Now let us talk about respiration and our
focus here is going to be upon our S2. So
before we begin, you tell me about S2
again. S2 is a diastolic event, is it not?
Yes. What happens during diastole? You have
closure of the aortic followed by the pulmonic.
We had A2, P2. Larup, darup, larup.
Larup is S1, let us leave that alone. Let us
focus on S2. Now if you’ve understood everything
that I have said up until now, when I talk to
you about the splitting of your S2 physiologically,
then this will make sense doing inspiration.
Now work with me here. Ready. Deep breath,
diaphragm contracts moves down. What happens
to your venous return? Tell me. Increased.
Good. So you have increased your venous return
to the right side upon inspiration. Where
is there more blood? Well there are two doors.
One is over there and one is over there.
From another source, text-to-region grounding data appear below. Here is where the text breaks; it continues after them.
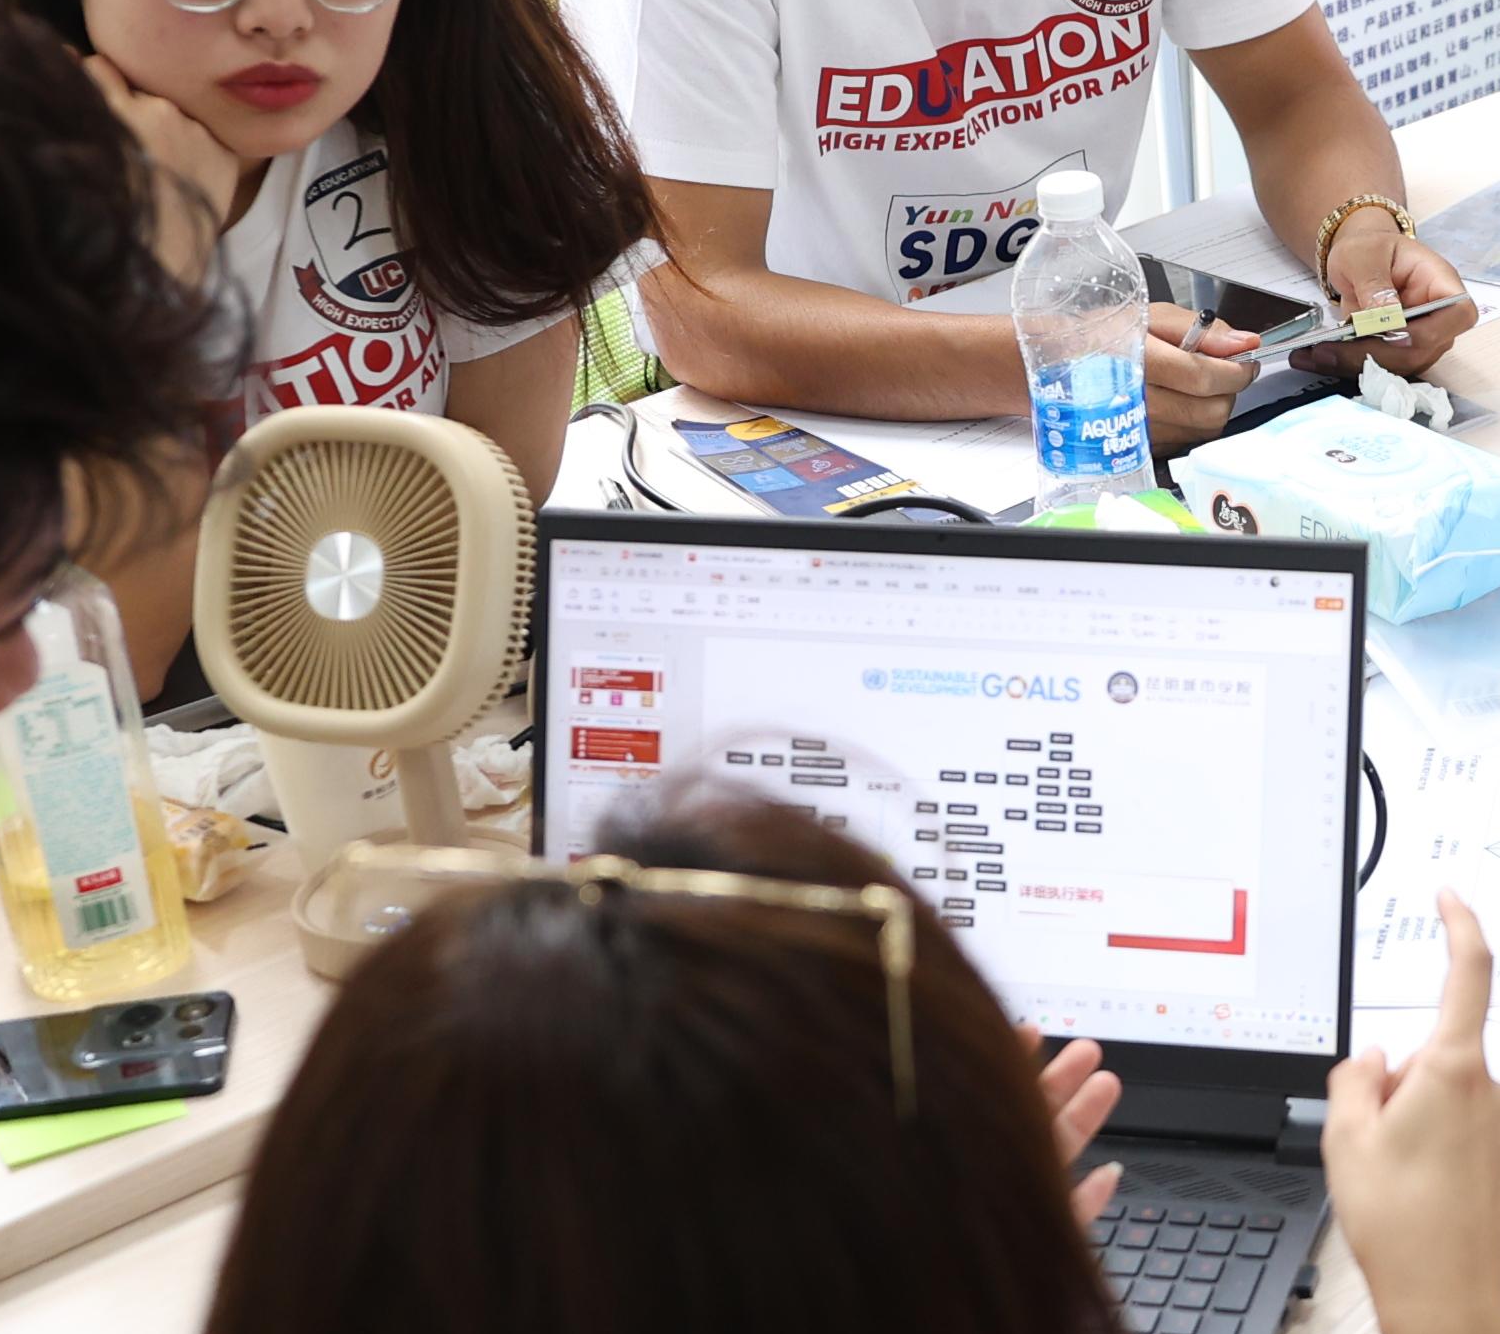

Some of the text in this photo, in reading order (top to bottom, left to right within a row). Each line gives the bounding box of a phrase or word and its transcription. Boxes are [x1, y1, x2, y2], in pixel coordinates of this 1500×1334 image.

[826, 15, 1145, 122] EDUATION
[818, 55, 1150, 157] HIGH EXPECATION FOR ALL
[317, 156, 381, 192] EDUCATION
[332, 190, 392, 250] 2
[905, 198, 1040, 226] Yun Na
[359, 260, 406, 297] UC
[312, 289, 422, 330] HIGH EXPECTATION
[245, 312, 433, 412] ATION
[891, 668, 978, 685] SUSTAINABLE
[891, 682, 977, 697] DEVELOPMENT
[981, 672, 1081, 703] GOALS
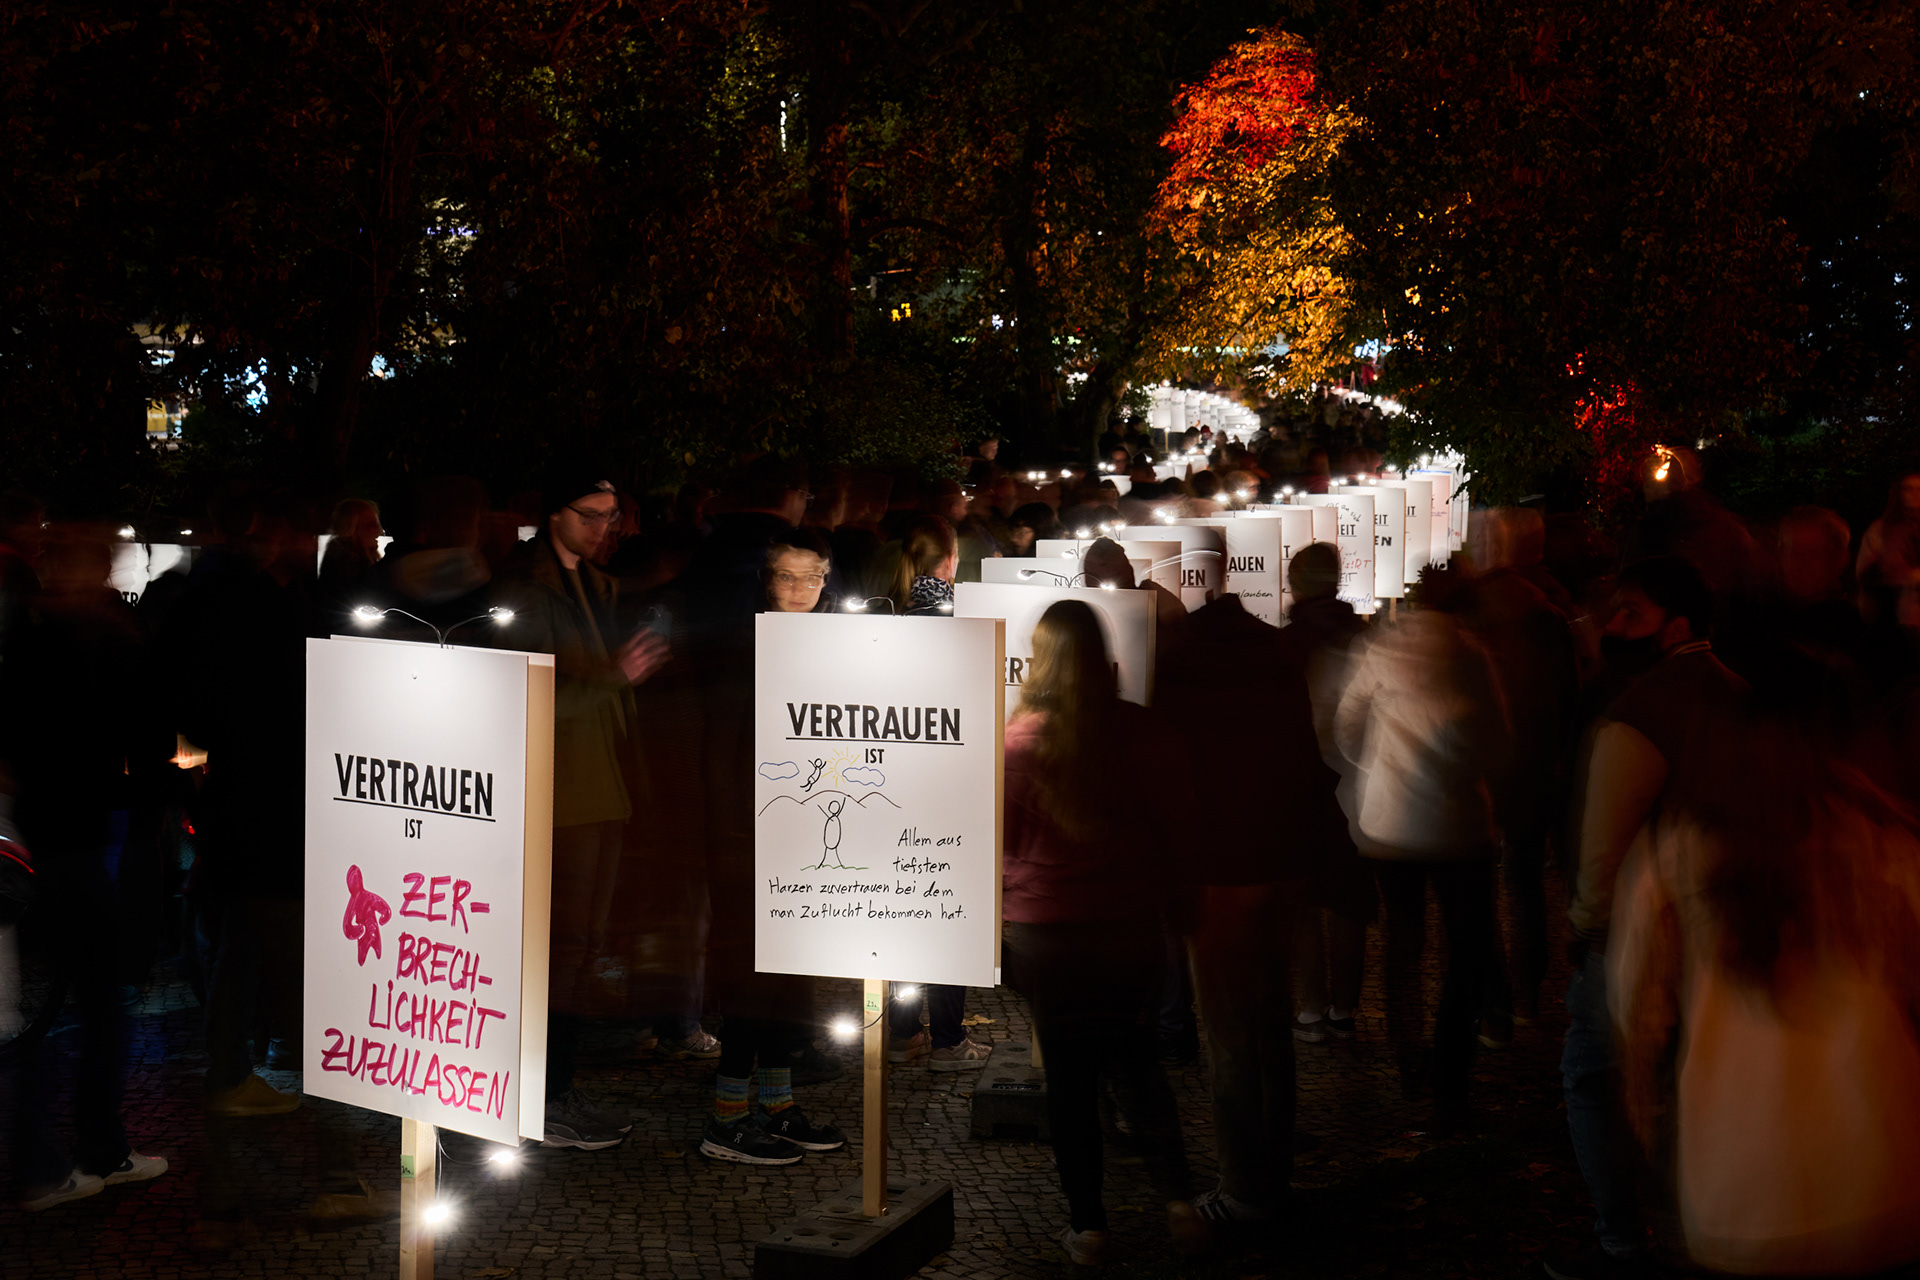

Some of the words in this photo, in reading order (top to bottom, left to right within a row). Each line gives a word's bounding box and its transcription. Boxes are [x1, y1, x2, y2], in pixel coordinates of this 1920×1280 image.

[1374, 514, 1388, 525] EIT
[1407, 506, 1416, 516] IT
[1338, 524, 1356, 536] EIT
[1374, 535, 1393, 547] EN
[1228, 556, 1265, 571] AUEN
[786, 702, 961, 742] VERTRAUEN
[865, 748, 885, 764] IST
[334, 753, 493, 817] VERTRAUEN
[405, 818, 423, 839] IST
[897, 827, 932, 847] Allem
[936, 834, 962, 847] aus
[893, 856, 951, 874] tiefstem
[895, 880, 917, 895] bei
[923, 880, 954, 898] dem
[399, 872, 490, 934] ZER-
[770, 907, 795, 919] man
[868, 900, 932, 919] bekommen
[941, 903, 967, 920] hat.
[397, 931, 493, 995] BRECH-
[321, 1028, 510, 1120] ZUZULASSEN
And
even 1000 people running through that door
and you have two people running through that
door, which door is going to close first?
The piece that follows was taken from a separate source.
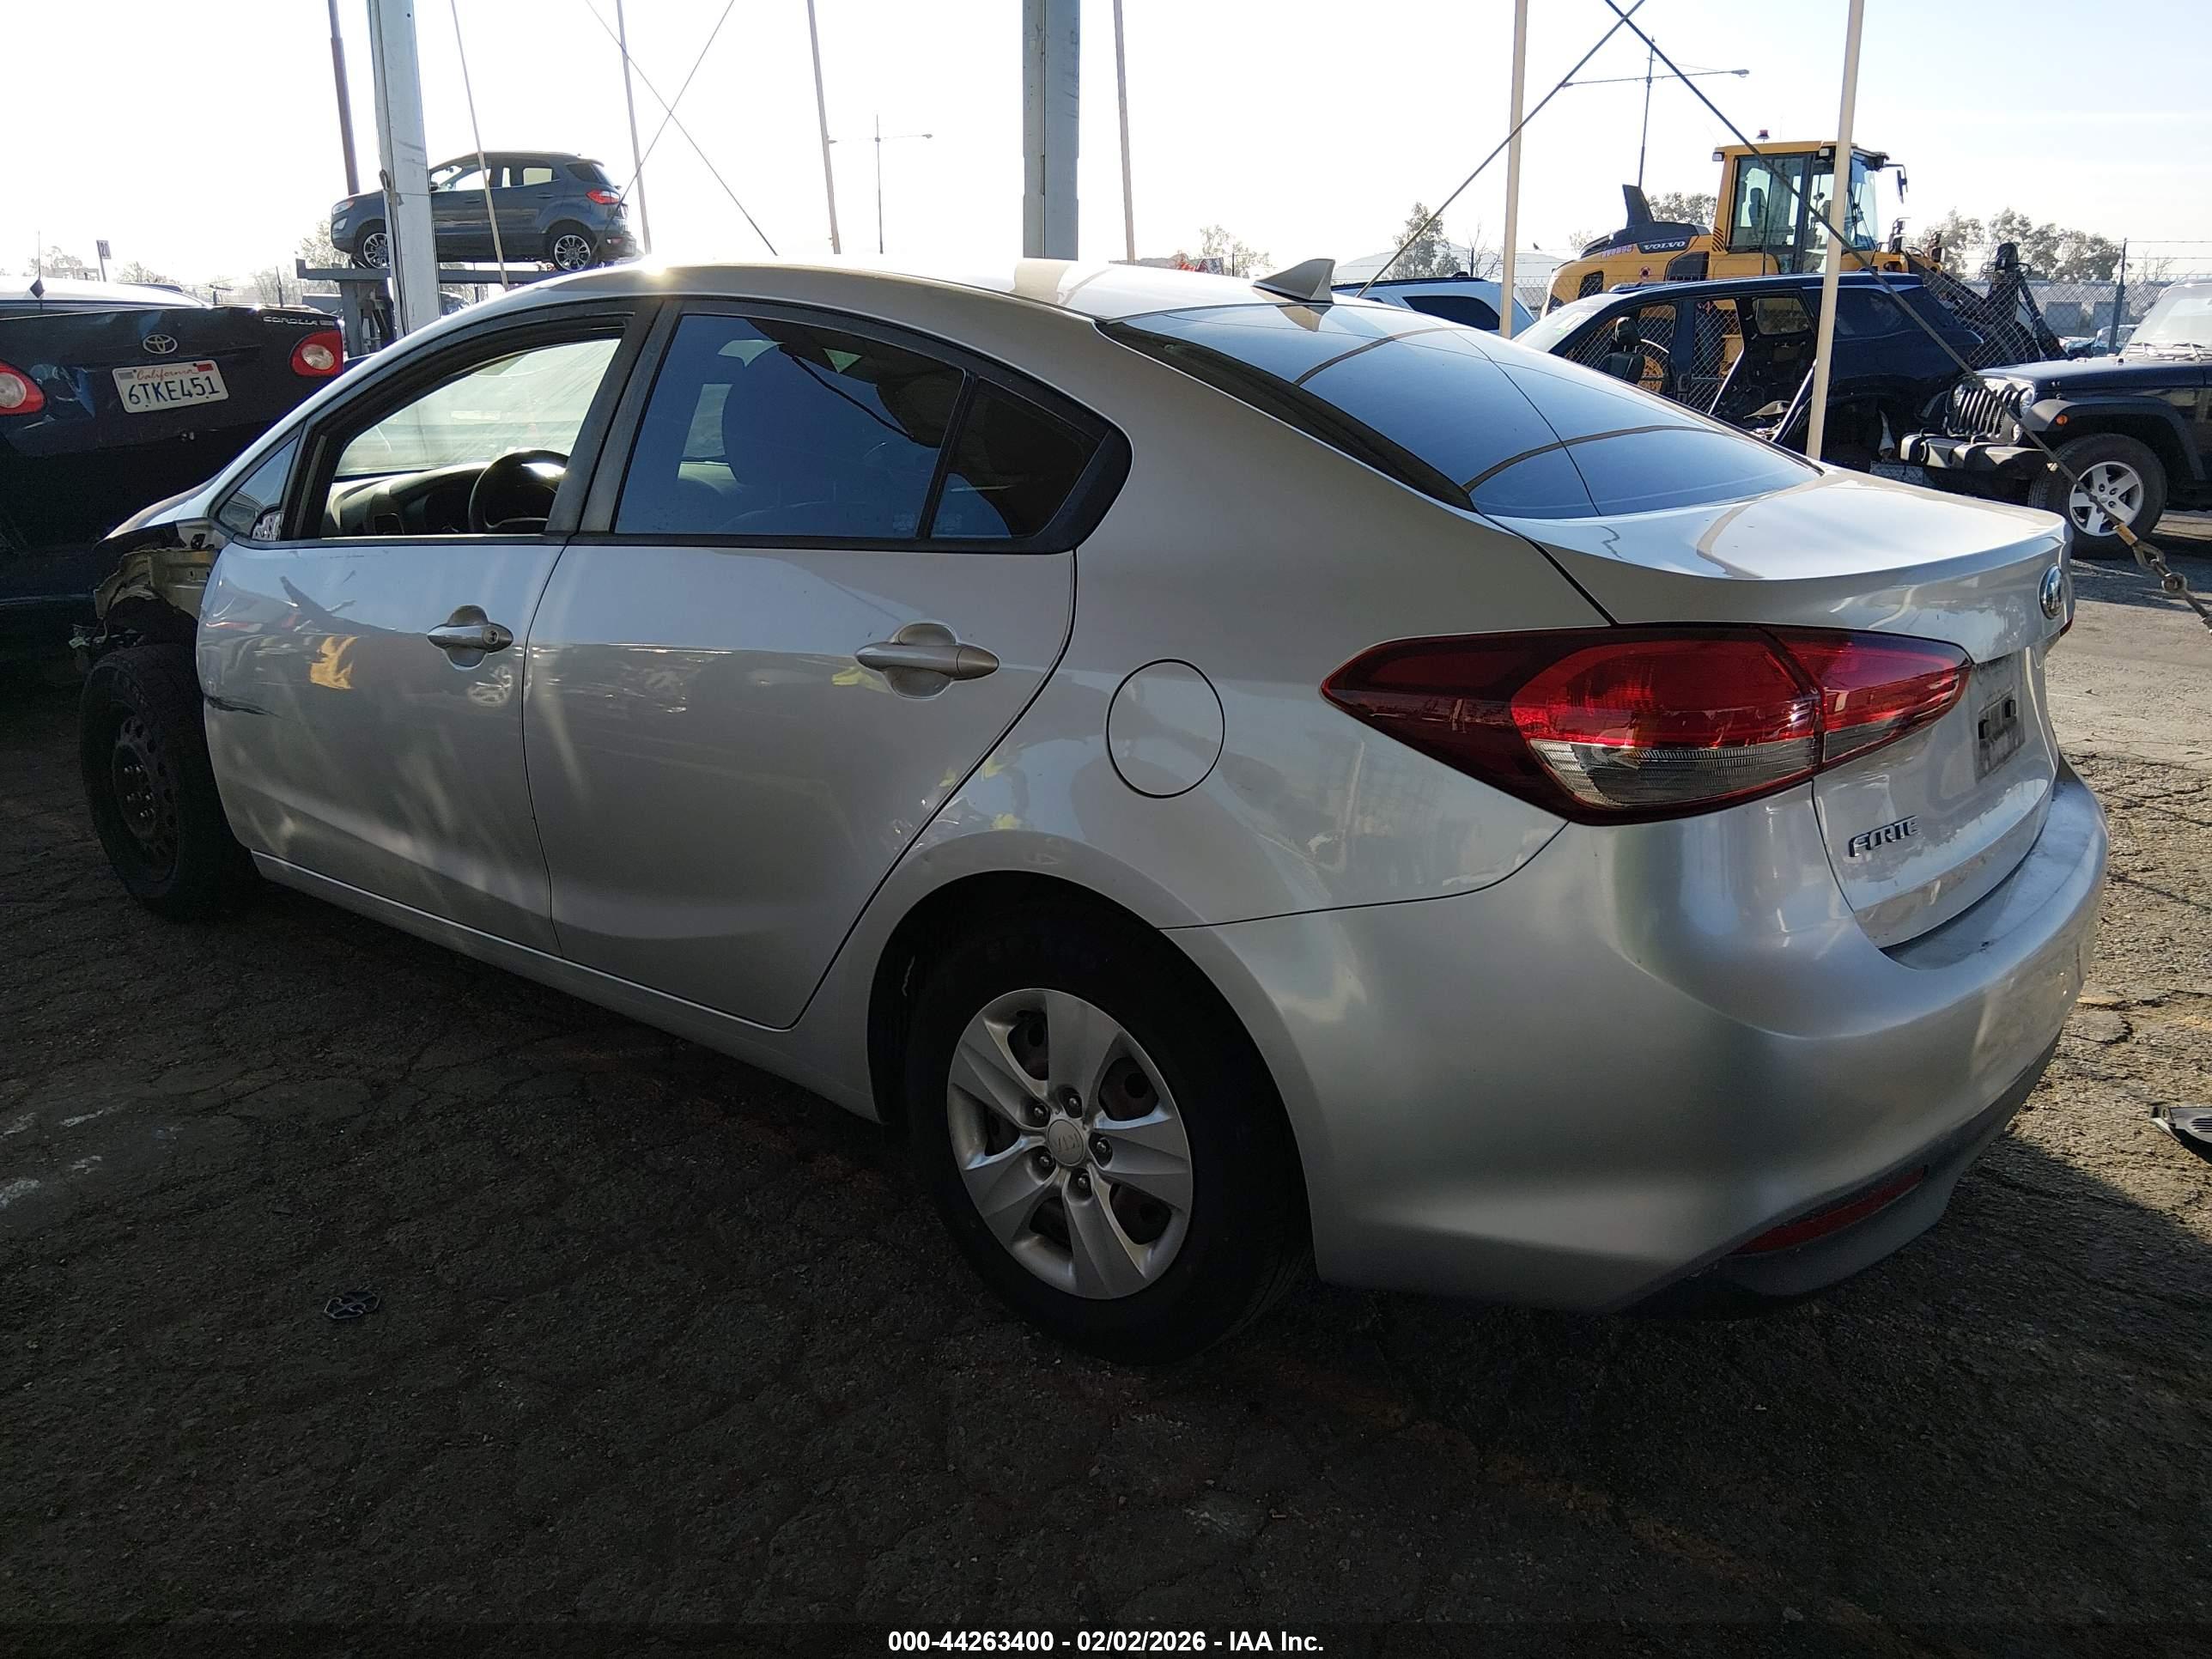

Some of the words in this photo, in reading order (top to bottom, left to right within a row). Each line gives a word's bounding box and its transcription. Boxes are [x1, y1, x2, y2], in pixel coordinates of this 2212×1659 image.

Obviously the one with two people. If
you tell me, 1000 people, I can’t help you.
I really can’t. So here we go. Inspiration
is more amount of blood on the right side.
That is your 1000 people. That is going to
take a long time for that door to close. What
is that door with the 1000 people right now?
That's your P2. So your second heart sound,
your pulmonic valve closing upon inspiration
is going to be much more delayed than your
aortic. What do we call this? A physiologic
split. Take a look at the inspiration, please.
You see that widening of A2, P2. Doesn't that
widening the space between A2, P2 look longer
in length than upon expiration. Upon expiration,
what happens to your diaphragm? Diaghragm
comes up, thoracic pressure increases and
so, therefore, your venous return is not as
much on the right side. And so therefore what
will happen to distance between A2, P2? It
is decreased a little bit. Now, is this pathologic?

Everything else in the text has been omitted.